[Items from a data source]
==============================

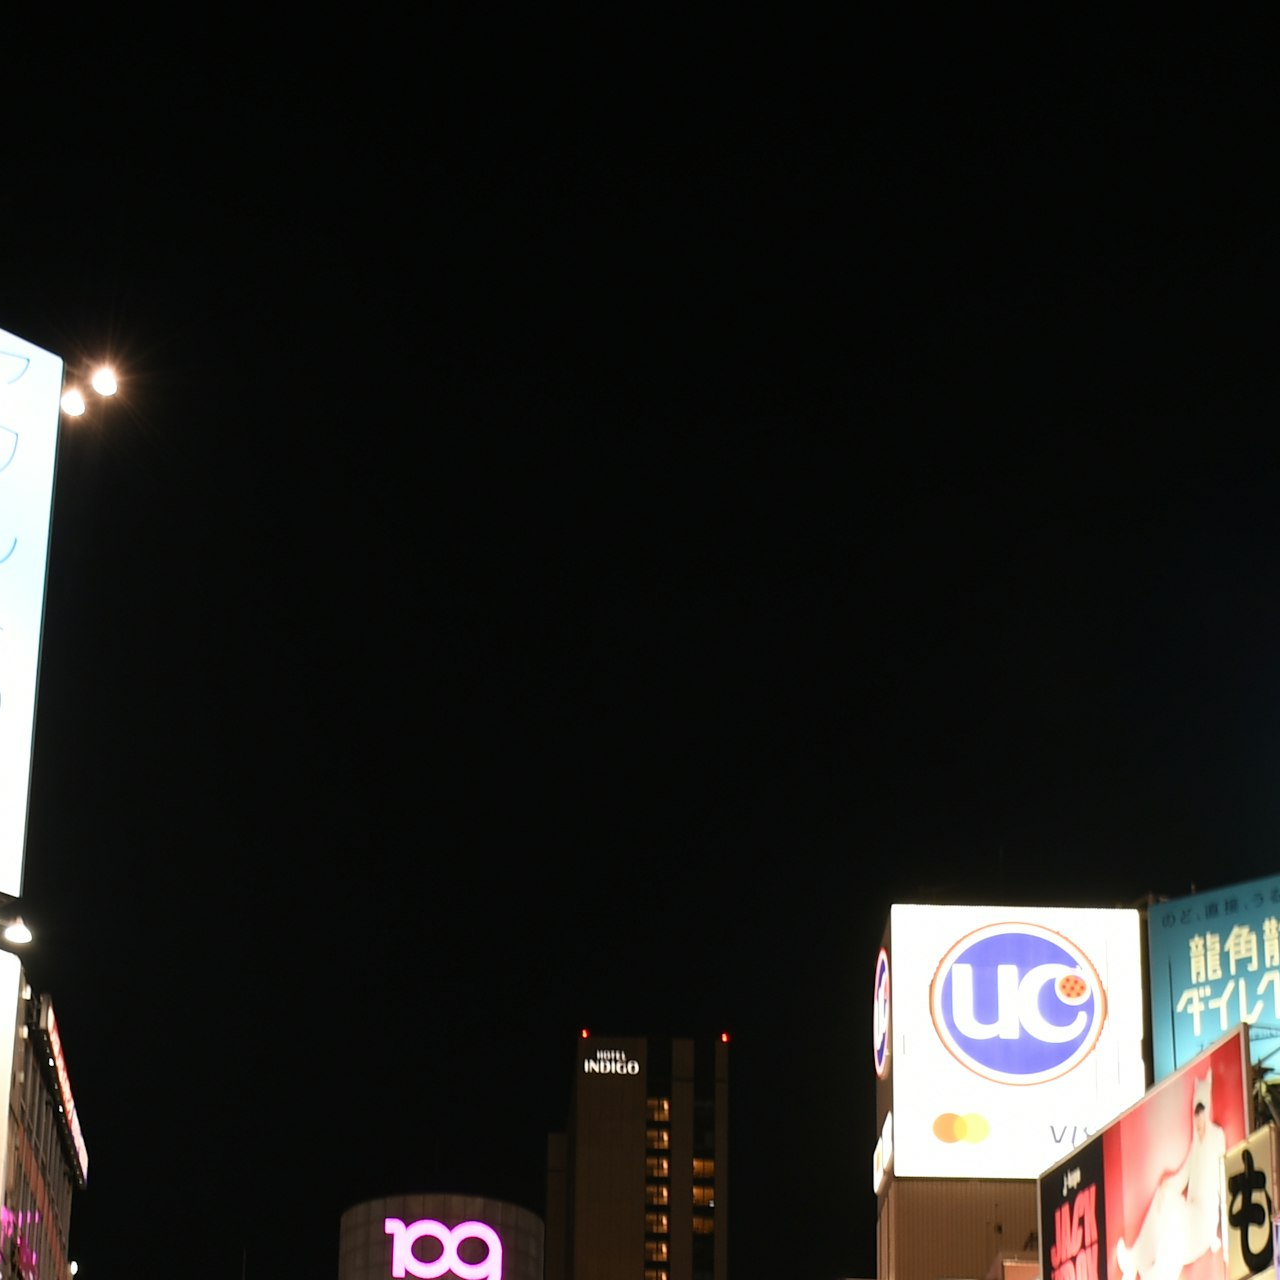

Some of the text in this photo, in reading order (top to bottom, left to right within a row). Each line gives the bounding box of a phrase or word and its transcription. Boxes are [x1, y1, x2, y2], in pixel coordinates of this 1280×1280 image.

[596, 1049, 626, 1061] HOTEL
[584, 1059, 640, 1075] INDIGO
[1051, 1183, 1098, 1268] JACK
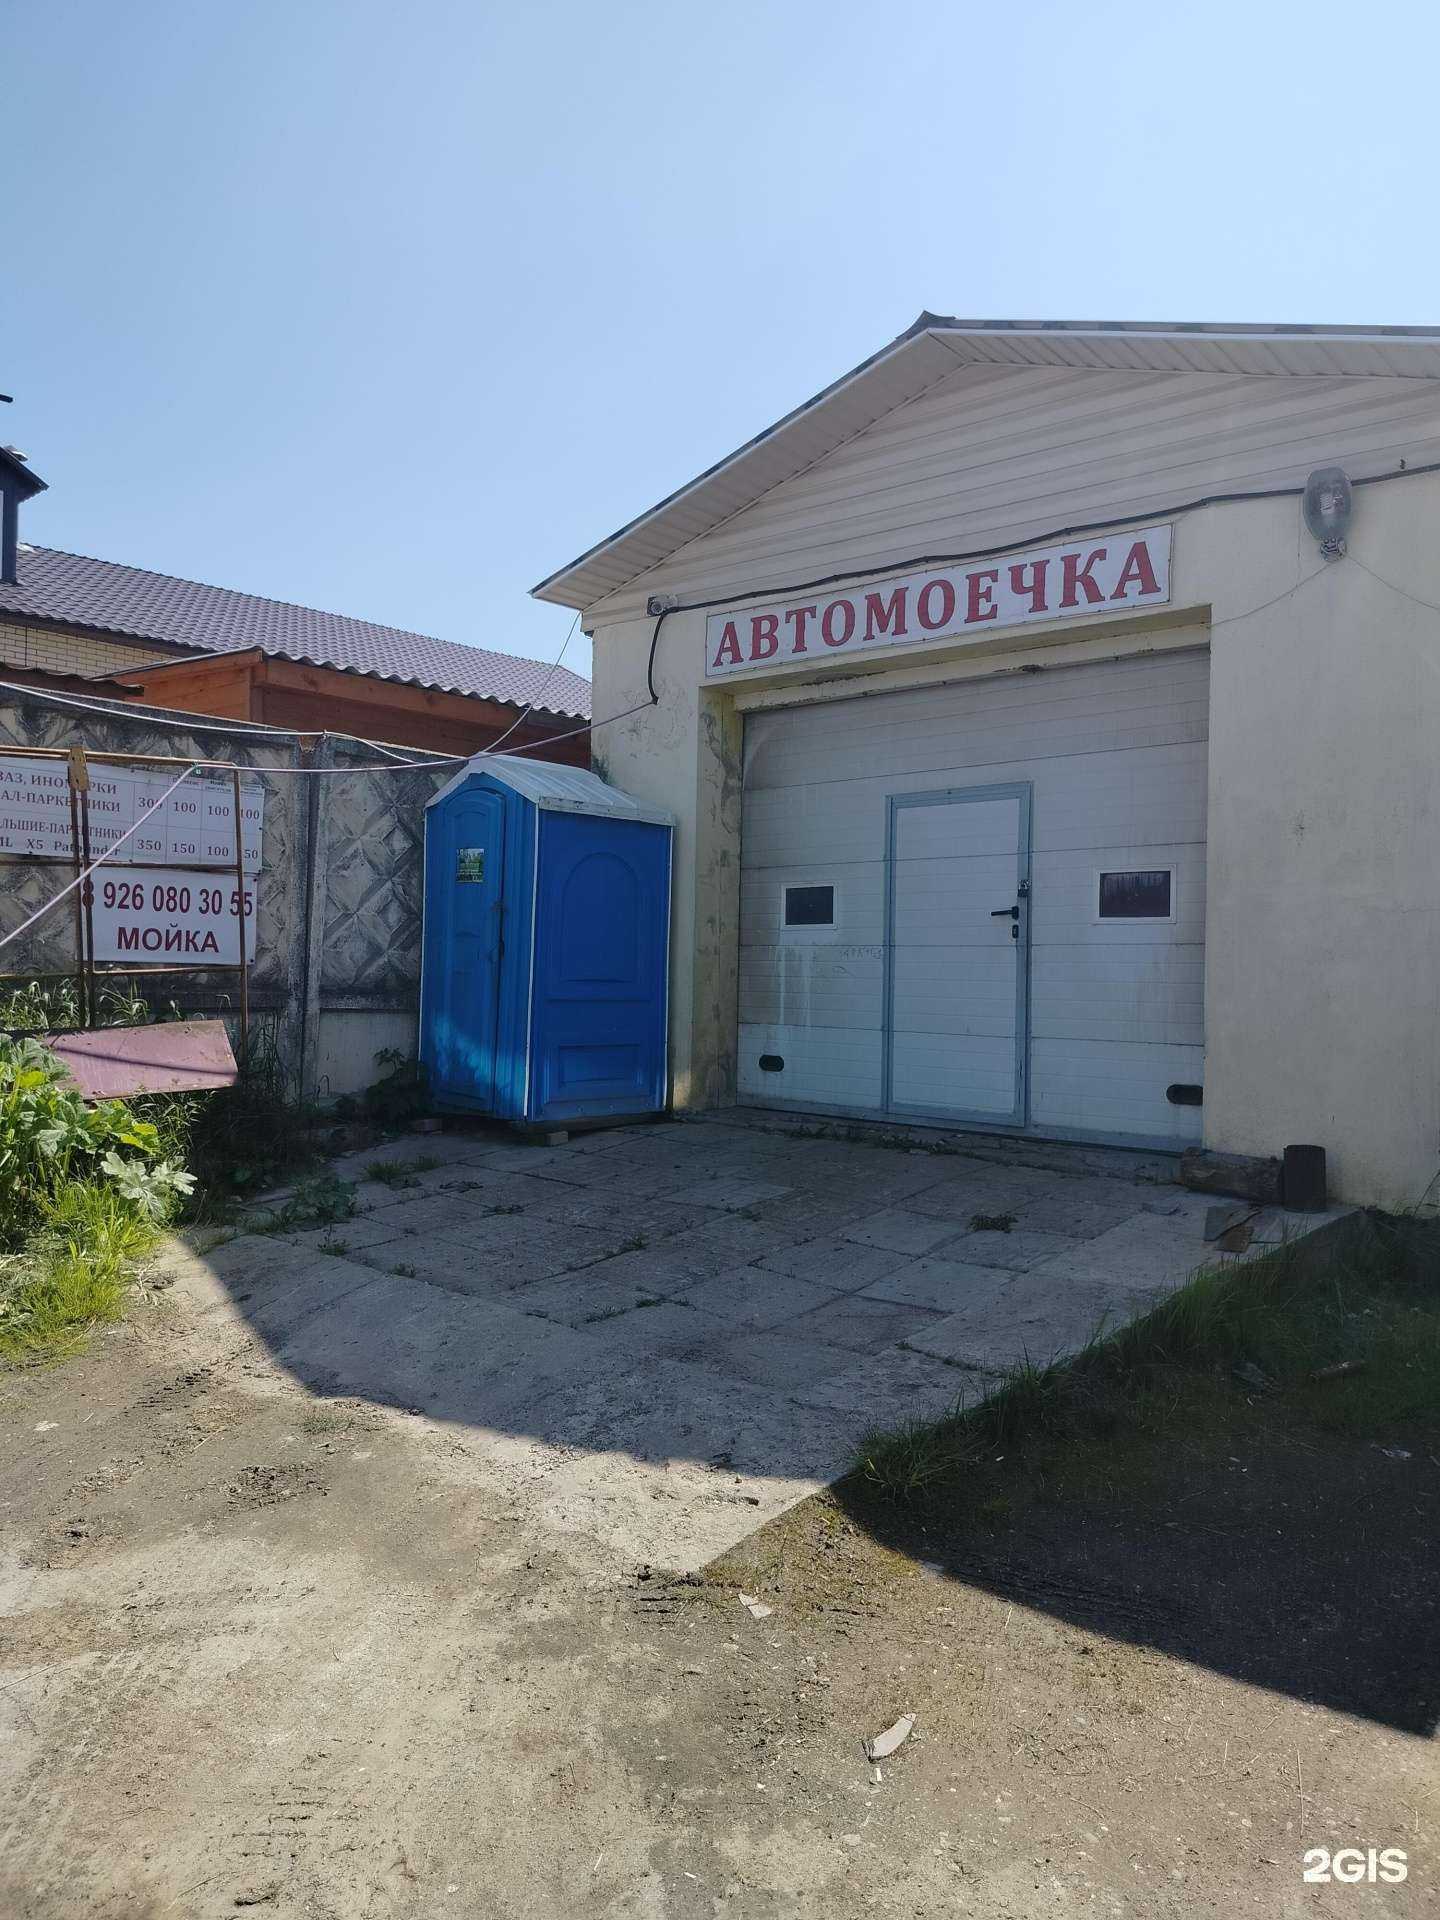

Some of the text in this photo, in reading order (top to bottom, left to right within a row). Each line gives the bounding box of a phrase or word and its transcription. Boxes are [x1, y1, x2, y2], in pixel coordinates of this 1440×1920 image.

==============================

■ **What this task involves**
A faithful copy is needed: reproduce all of the data above, leaving the pictures out.

■ **Written response**
Some of the text in this photo, in reading order (top to bottom, left to right within a row). Each line gives the bounding box of a phrase or word and its transcription. Boxes are [x1, y1, x2, y2], in pixel coordinates of this 1280×1280 image.

[596, 1049, 626, 1061] HOTEL
[584, 1059, 640, 1075] INDIGO
[1051, 1183, 1098, 1268] JACK

Some of the text in this photo, in reading order (top to bottom, left to right within a row). Each line gives the bounding box of a phrase or word and its transcription. Boxes are [x1, y1, x2, y2], in pixel coordinates of this 1440×1920 image.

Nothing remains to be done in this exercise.